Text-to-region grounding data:
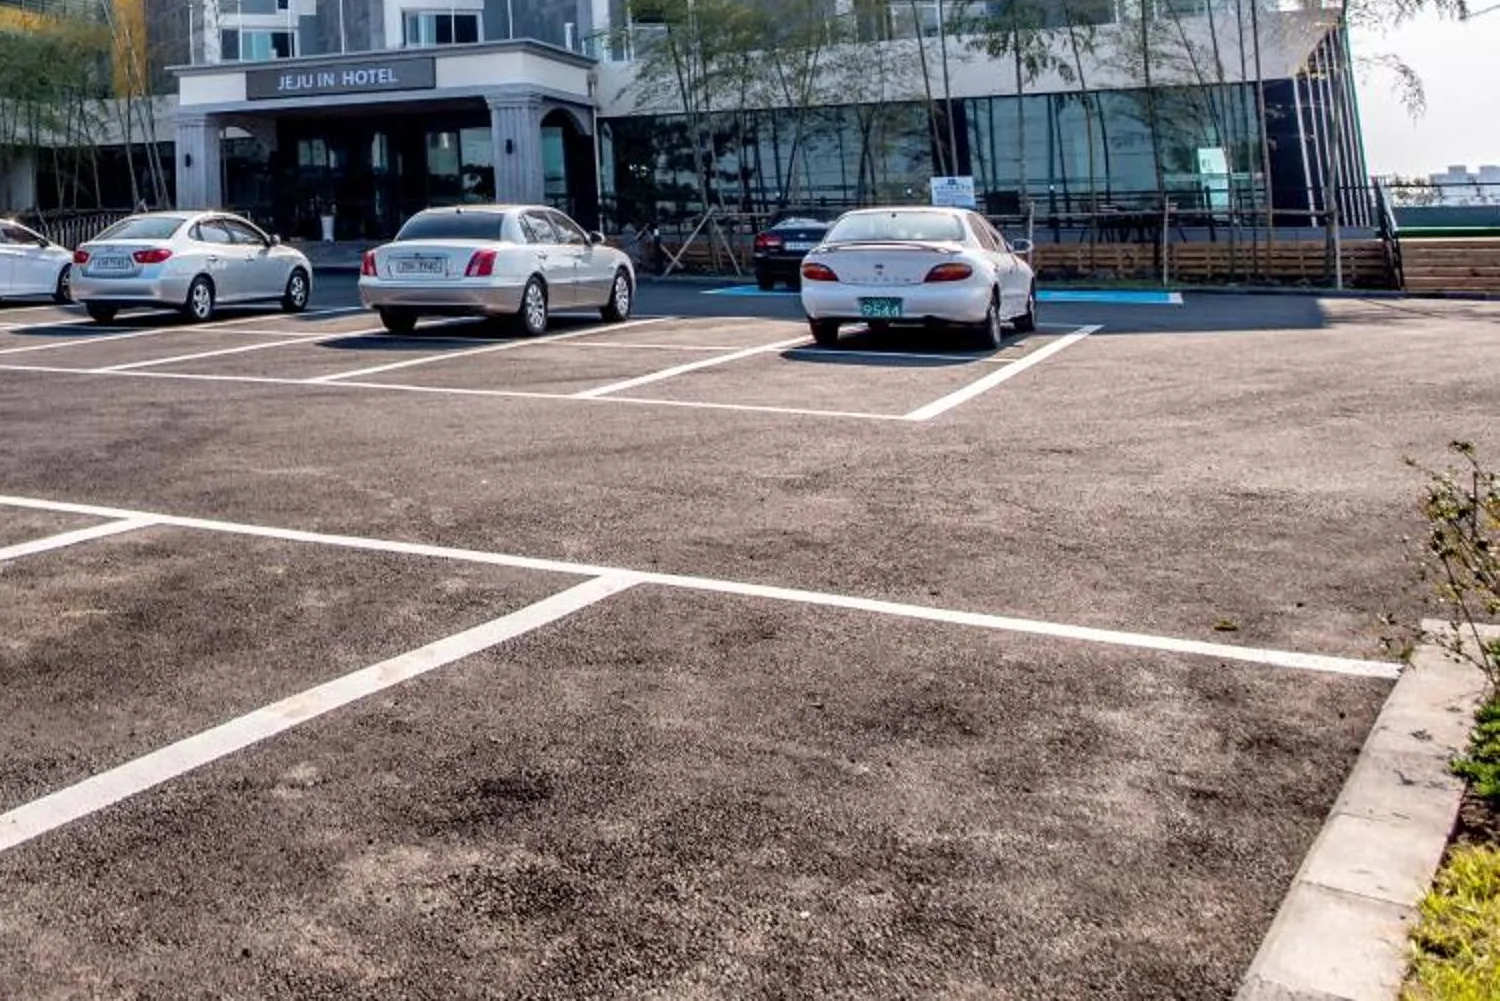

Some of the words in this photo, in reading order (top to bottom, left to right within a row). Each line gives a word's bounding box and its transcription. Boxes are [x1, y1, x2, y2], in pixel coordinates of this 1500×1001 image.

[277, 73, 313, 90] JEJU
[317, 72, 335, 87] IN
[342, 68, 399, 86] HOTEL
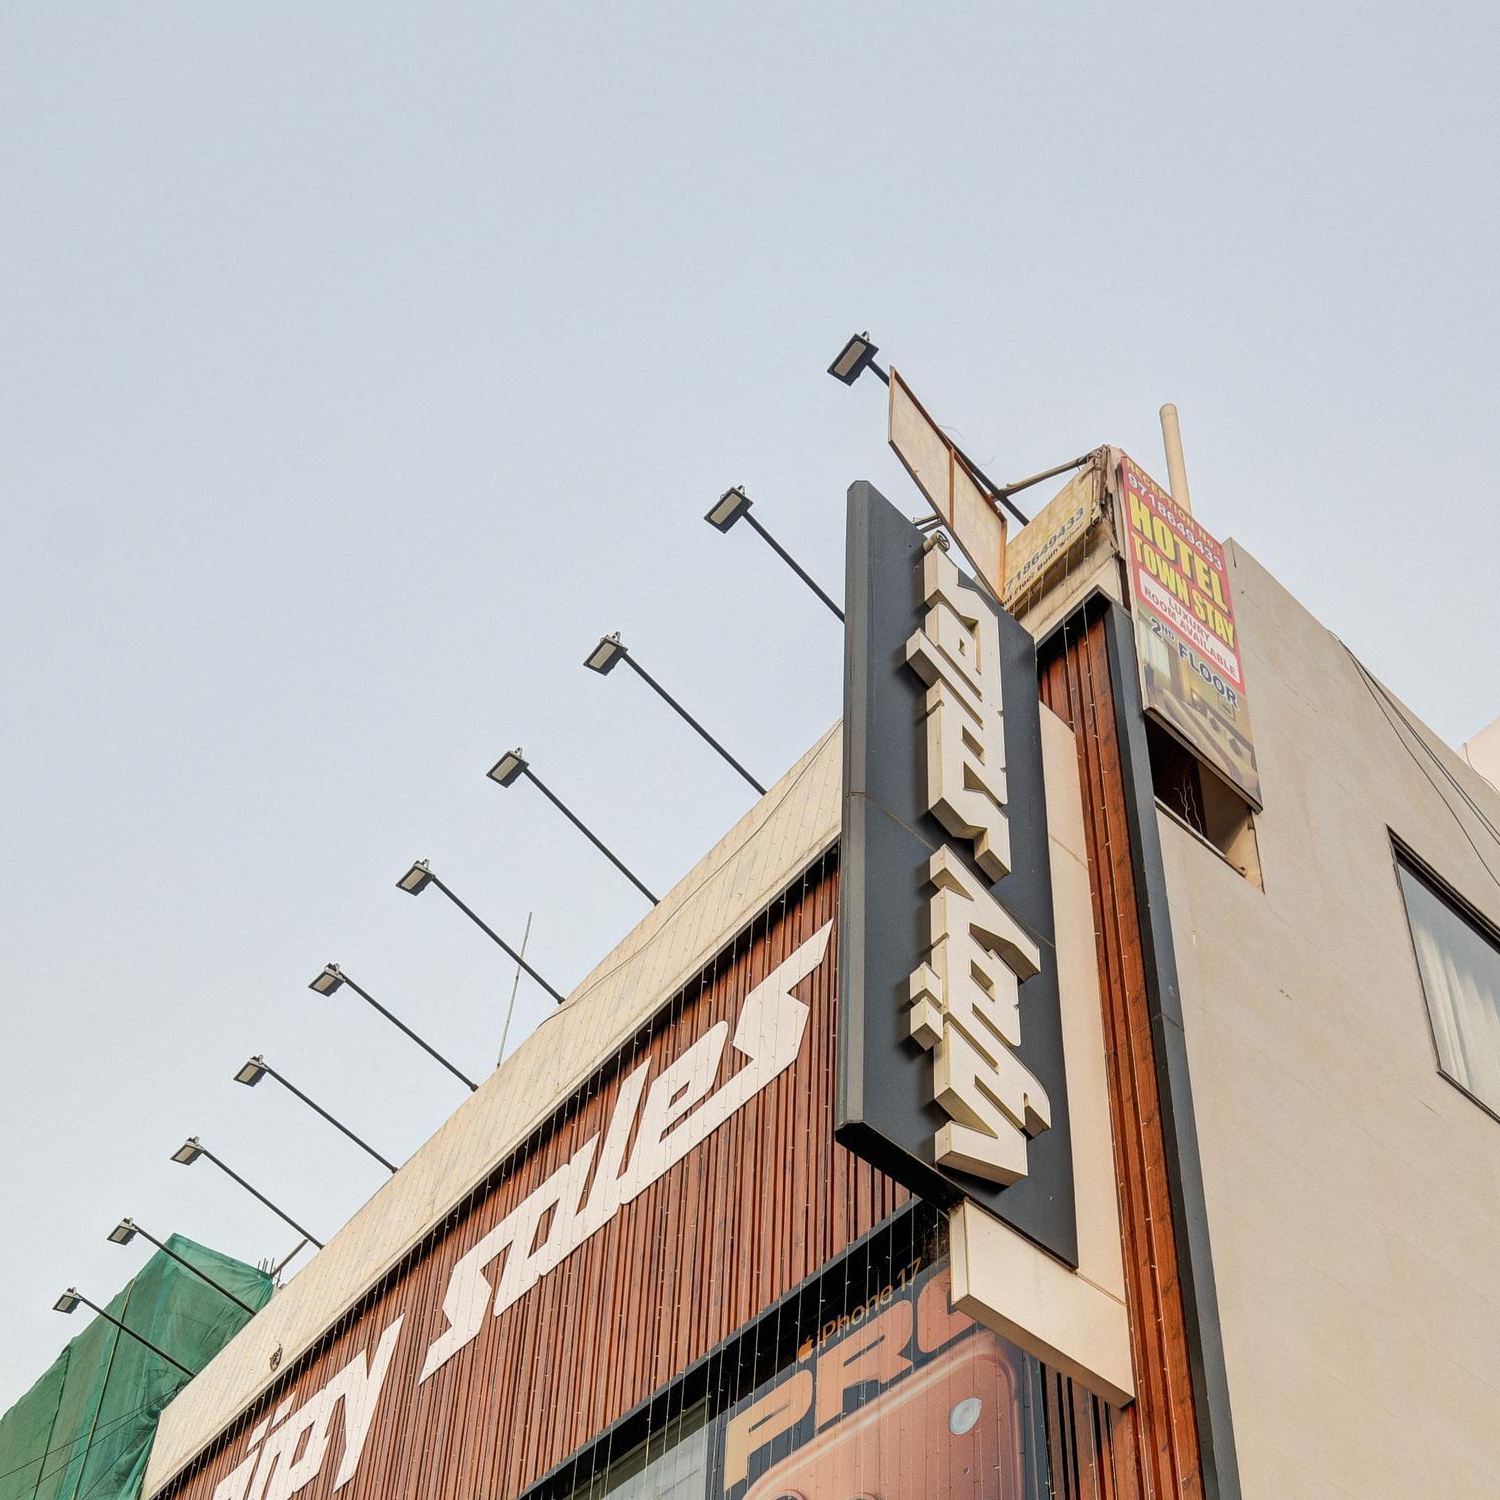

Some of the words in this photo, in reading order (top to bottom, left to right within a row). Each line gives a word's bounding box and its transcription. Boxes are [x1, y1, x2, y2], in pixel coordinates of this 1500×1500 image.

» **EXERCISE**
A verbatim copy of the entries, stripped of pictures, should be produced.

» **SOLUTION TO THIS EXERCISE**
Some of the words in this photo, in reading order (top to bottom, left to right within a row). Each line gives a word's bounding box and its transcription. Boxes are [x1, y1, x2, y2], in pixel coordinates of this 1500×1001 image.

[277, 73, 313, 90] JEJU
[317, 72, 335, 87] IN
[342, 68, 399, 86] HOTEL

Some of the words in this photo, in reading order (top to bottom, left to right within a row). Each line gives a word's bounding box and its transcription. Boxes are [x1, y1, x2, y2], in pixel coordinates of this 1500×1500 image.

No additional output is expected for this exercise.